Turkish Diacritics Restoration with Neural Networks

A lightweight PyTorch-based neural network package for restoring diacritics in Turkish text. nokta-ai can accurately restore Turkish special characters (ç, ğ, ı, ö, ş, ü) from text where they have been removed or replaced with ASCII equivalents.

Overview

This project implements a character-level sequence-to-sequence model using bidirectional LSTMs with multi-head self-attention to restore diacritics in Turkish text. Unlike rule-based or large language model approaches, this solution is:

  • Lightweight: Small model size (~10-15MB depending on configuration)
  • Fast: Processes text in real-time using GPU acceleration (MPS on Apple Silicon, CUDA on NVIDIA)
  • Accurate: Achieves 95%+ accuracy with proper training data
  • Self-contained: No external API dependencies

Recent Improvements

v2.0 - Major Architecture Enhancements

  • Case Normalization: 50% reduction in model complexity by processing lowercase text with case pattern restoration
  • Turkish-Specific Case Handling: Proper i/İ and ı/I mappings (critical for Turkish orthography)
  • CUDA Compatibility: Fixed character embedding bounds checking for stable GPU training
  • Binary Classification with Loss Penalties: Model learns when NOT to add diacritics (reduces false positives)
  • Improved Capital Letter Accuracy: Deterministic case handling instead of learned patterns
  • Character Safety: All Unicode characters > 255 safely handled with fallback mechanisms

Architecture

Model Components

  1. Character-level Tokenization: Works at the character level for fine-grained control
  2. Case Normalization: Processes text in lowercase with case pattern restoration (50% complexity reduction)
  3. Bidirectional LSTM: Captures both forward and backward context (2-4 layers)
  4. Multi-Head Self-Attention: Focuses on relevant parts of the input sequence (optional, recommended)
  5. Binary Classification: 6 classifiers for Turkish diacritic pairs (c/ç, g/ğ, i/ı, o/ö, s/ş, u/ü)

Technical Specifications

  • Input: Turkish text with diacritics removed (mixed case supported)
  • Output: Turkish text with diacritics restored (preserves original case)
  • Context Window: Configurable (default: 96 characters, expert recommended)
  • Vocabulary Size: 256 characters (covers Turkish alphabet + common punctuation)
  • Hidden Size: Configurable (default: 256 dimensions, expert recommended)
  • Attention Heads: 4 (when self-attention enabled)
  • Turkish Case Handling: Proper i/İ and ı/I mappings (differs from English)
  • CUDA Compatible: Safe character bounds checking for GPU training

Installation

From PyPI (Recommended)

pip install nokta-ai

From Source

# Clone the repository
git clone https://github.com/armish/nokta-ai.git
cd nokta-ai

# Install in development mode
pip install -e .

# Or install with optional dependencies
pip install -e ".[dev,data]"

Prerequisites

  • Python 3.9+
  • PyTorch 2.0+
  • Apple Silicon Mac (for MPS acceleration) or NVIDIA GPU (for CUDA)

Quick Start

1. Prepare Training Data

# Basic usage with the included Turkish deasciifier training data
python scripts/prepare_training_data.py data/aysnrgenc_turkishdeasciifier_train.txt

# Combine multiple corpus files for larger training set
python scripts/prepare_training_data.py data/corpus1.txt data/corpus2.txt data/corpus3.txt

# Use custom output location
python scripts/prepare_training_data.py data/*.txt --output data/my_cache.pkl

# Adjust train/validation split (90% train, 10% validation)
python scripts/prepare_training_data.py data/*.txt --train-ratio 0.9

This creates data/combined_cache.pkl containing prepared training and validation data.

2. Train a Model

Expert-Recommended Configuration (With Self-Attention)
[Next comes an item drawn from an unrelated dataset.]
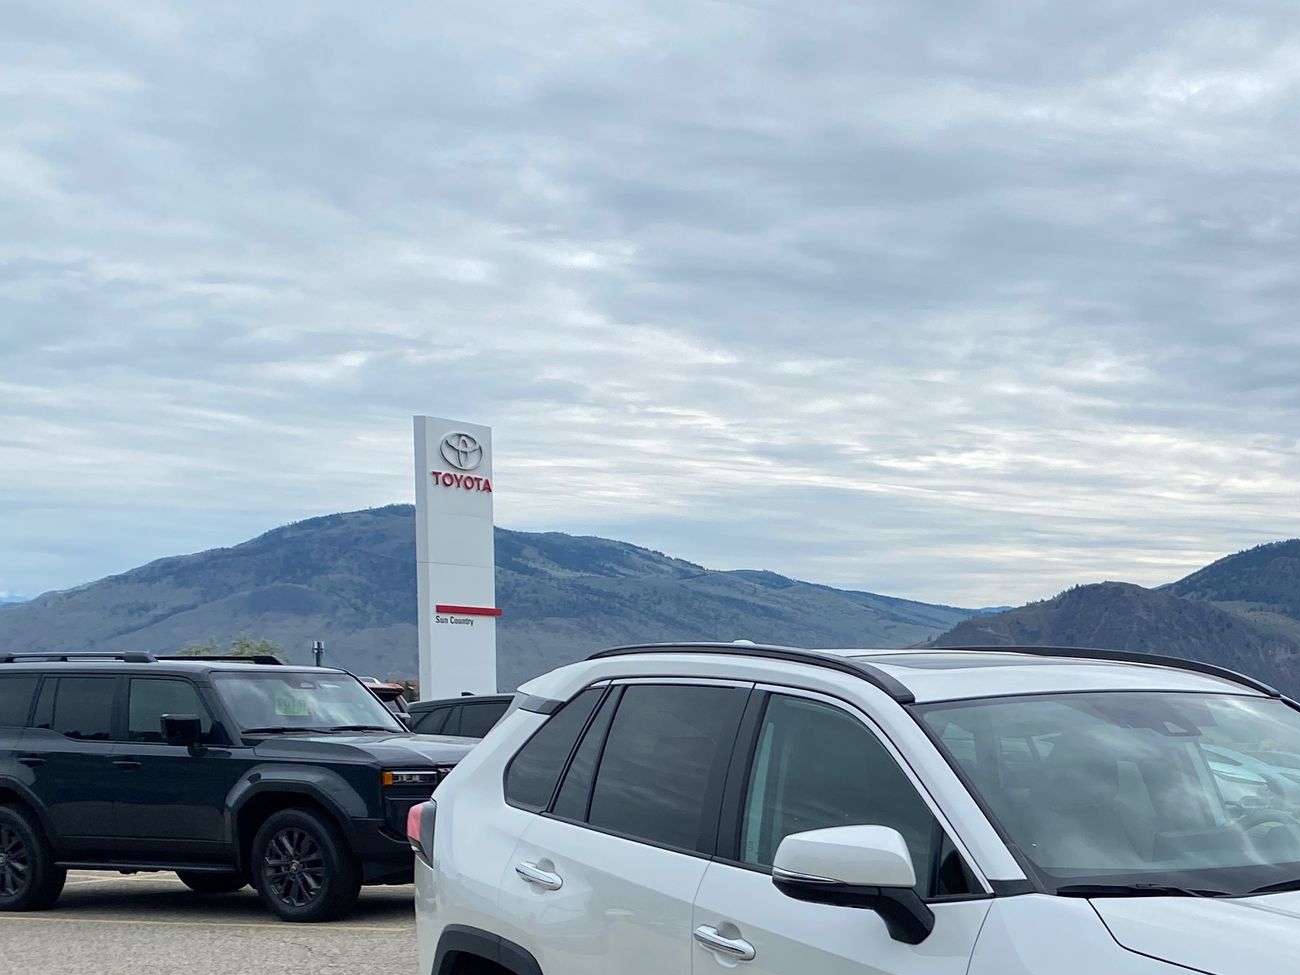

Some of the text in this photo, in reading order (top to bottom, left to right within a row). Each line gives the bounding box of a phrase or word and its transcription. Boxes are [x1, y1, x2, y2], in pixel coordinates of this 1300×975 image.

# Best accuracy, ~15% better diacritic restoration
nokta-train --data-cache data/combined_cache.pkl \
            --output models/my_model.pth \
            --context-size 96 \
            --hidden-size 256 \
            --num-lstm-layers 2 \
            --use-attention \
            --epochs 50

Lightweight Configuration (Without Self-Attention)

# Smaller, faster model for resource-constrained environments
nokta-train --data-cache data/combined_cache.pkl \
            --output models/my_model_light.pth \
            --context-size 96 \
            --hidden-size 256 \
            --no-attention \
            --epochs 50

3. Evaluate Your Model

# Basic evaluation
nokta evaluate --model models/my_model.pth \
               --test-file data/test_datasets/vikipedi_test.txt

# Multi-pass restoration for words with multiple diacritics
nokta evaluate --model models/my_model.pth \
               --test-file data/test_datasets/vikipedi_test.txt \
               --num-passes 3

4. Use Your Model

# Interactive mode
nokta-restore --model models/my_model.pth

# Direct text input
nokta-restore --model models/my_model.pth --text "Bugun hava cok guzel"

# Process a file
nokta-restore --model models/my_model.pth --input input.txt --output output.txt

Training Parameters

Core Architecture Options

Parameter Default Description
--context-size 96 Context window size (expert recommended: 96)
--hidden-size 256 LSTM hidden dimensions (expert recommended: 256)
--num-lstm-layers 2 Number of LSTM layers (expert recommends: 2-4)
--use-attention True Enable self-attention (recommended for accuracy)
--no-attention False Disable self-attention (smaller, faster models)

Training Hyperparameters

Parameter Default Description
--epochs 20 Number of training epochs
--batch-size 16 Training batch size
--learning-rate 0.0003 Learning rate (expert recommended: 3e-4)
--max-train-texts 15000 Maximum training texts to use
--max-val-texts 1000 Maximum validation texts to use

Data Sampling Options

Parameter Default Description
--balanced-sampling False Equal representation of each character type
--samples-per-char Auto Target samples per character (auto-detected if not specified)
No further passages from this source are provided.